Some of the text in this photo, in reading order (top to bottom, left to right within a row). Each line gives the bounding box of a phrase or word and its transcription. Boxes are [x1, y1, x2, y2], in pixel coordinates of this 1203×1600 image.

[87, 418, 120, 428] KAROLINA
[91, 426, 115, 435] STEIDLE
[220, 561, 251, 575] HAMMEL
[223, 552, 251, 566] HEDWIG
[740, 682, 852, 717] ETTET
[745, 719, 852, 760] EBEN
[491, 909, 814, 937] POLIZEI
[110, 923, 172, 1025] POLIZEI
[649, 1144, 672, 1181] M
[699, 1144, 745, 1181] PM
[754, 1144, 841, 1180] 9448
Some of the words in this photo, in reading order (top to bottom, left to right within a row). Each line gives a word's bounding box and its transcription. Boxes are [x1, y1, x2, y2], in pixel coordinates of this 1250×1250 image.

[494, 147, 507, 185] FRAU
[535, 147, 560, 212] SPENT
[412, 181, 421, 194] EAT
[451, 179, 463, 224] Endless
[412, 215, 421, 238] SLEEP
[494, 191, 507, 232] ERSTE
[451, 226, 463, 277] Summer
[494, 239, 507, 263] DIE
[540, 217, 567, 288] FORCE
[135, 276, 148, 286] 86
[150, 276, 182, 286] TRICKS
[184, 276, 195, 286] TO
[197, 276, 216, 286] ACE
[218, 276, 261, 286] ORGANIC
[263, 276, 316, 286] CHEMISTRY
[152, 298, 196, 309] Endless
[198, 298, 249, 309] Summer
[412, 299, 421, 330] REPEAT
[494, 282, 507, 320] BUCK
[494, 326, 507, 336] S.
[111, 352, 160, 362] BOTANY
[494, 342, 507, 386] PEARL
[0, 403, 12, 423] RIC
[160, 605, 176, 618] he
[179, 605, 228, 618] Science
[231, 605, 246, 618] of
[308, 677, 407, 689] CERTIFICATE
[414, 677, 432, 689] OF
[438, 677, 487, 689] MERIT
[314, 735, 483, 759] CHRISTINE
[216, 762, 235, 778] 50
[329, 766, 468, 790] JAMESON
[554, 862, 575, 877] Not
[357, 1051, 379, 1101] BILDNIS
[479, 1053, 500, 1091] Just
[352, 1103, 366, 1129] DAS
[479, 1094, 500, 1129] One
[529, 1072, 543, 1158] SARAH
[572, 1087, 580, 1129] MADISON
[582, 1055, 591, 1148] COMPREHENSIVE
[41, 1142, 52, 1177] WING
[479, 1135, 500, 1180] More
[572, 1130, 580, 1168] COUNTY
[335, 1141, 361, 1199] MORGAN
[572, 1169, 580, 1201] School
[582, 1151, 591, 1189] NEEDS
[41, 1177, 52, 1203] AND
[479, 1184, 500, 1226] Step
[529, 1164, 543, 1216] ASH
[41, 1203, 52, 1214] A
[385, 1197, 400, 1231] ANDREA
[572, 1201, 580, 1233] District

┄┄┄┄┄┄┄┄┄┄

- Work required -
Nothing may be left out or altered: reproduce the complete listing.

- Expected output -
Some of the text in this photo, in reading order (top to bottom, left to right within a row). Each line gives the bounding box of a phrase or word and its transcription. Boxes are [x1, y1, x2, y2], in pixel coordinates of this 1203×1600 image.

[87, 418, 120, 428] KAROLINA
[91, 426, 115, 435] STEIDLE
[220, 561, 251, 575] HAMMEL
[223, 552, 251, 566] HEDWIG
[740, 682, 852, 717] ETTET
[745, 719, 852, 760] EBEN
[491, 909, 814, 937] POLIZEI
[110, 923, 172, 1025] POLIZEI
[649, 1144, 672, 1181] M
[699, 1144, 745, 1181] PM
[754, 1144, 841, 1180] 9448
Some of the words in this photo, in reading order (top to bottom, left to right within a row). Each line gives a word's bounding box and its transcription. Boxes are [x1, y1, x2, y2], in pixel coordinates of this 1250×1250 image.

[494, 147, 507, 185] FRAU
[535, 147, 560, 212] SPENT
[412, 181, 421, 194] EAT
[451, 179, 463, 224] Endless
[412, 215, 421, 238] SLEEP
[494, 191, 507, 232] ERSTE
[451, 226, 463, 277] Summer
[494, 239, 507, 263] DIE
[540, 217, 567, 288] FORCE
[135, 276, 148, 286] 86
[150, 276, 182, 286] TRICKS
[184, 276, 195, 286] TO
[197, 276, 216, 286] ACE
[218, 276, 261, 286] ORGANIC
[263, 276, 316, 286] CHEMISTRY
[152, 298, 196, 309] Endless
[198, 298, 249, 309] Summer
[412, 299, 421, 330] REPEAT
[494, 282, 507, 320] BUCK
[494, 326, 507, 336] S.
[111, 352, 160, 362] BOTANY
[494, 342, 507, 386] PEARL
[0, 403, 12, 423] RIC
[160, 605, 176, 618] he
[179, 605, 228, 618] Science
[231, 605, 246, 618] of
[308, 677, 407, 689] CERTIFICATE
[414, 677, 432, 689] OF
[438, 677, 487, 689] MERIT
[314, 735, 483, 759] CHRISTINE
[216, 762, 235, 778] 50
[329, 766, 468, 790] JAMESON
[554, 862, 575, 877] Not
[357, 1051, 379, 1101] BILDNIS
[479, 1053, 500, 1091] Just
[352, 1103, 366, 1129] DAS
[479, 1094, 500, 1129] One
[529, 1072, 543, 1158] SARAH
[572, 1087, 580, 1129] MADISON
[582, 1055, 591, 1148] COMPREHENSIVE
[41, 1142, 52, 1177] WING
[479, 1135, 500, 1180] More
[572, 1130, 580, 1168] COUNTY
[335, 1141, 361, 1199] MORGAN
[572, 1169, 580, 1201] School
[582, 1151, 591, 1189] NEEDS
[41, 1177, 52, 1203] AND
[479, 1184, 500, 1226] Step
[529, 1164, 543, 1216] ASH
[41, 1203, 52, 1214] A
[385, 1197, 400, 1231] ANDREA
[572, 1201, 580, 1233] District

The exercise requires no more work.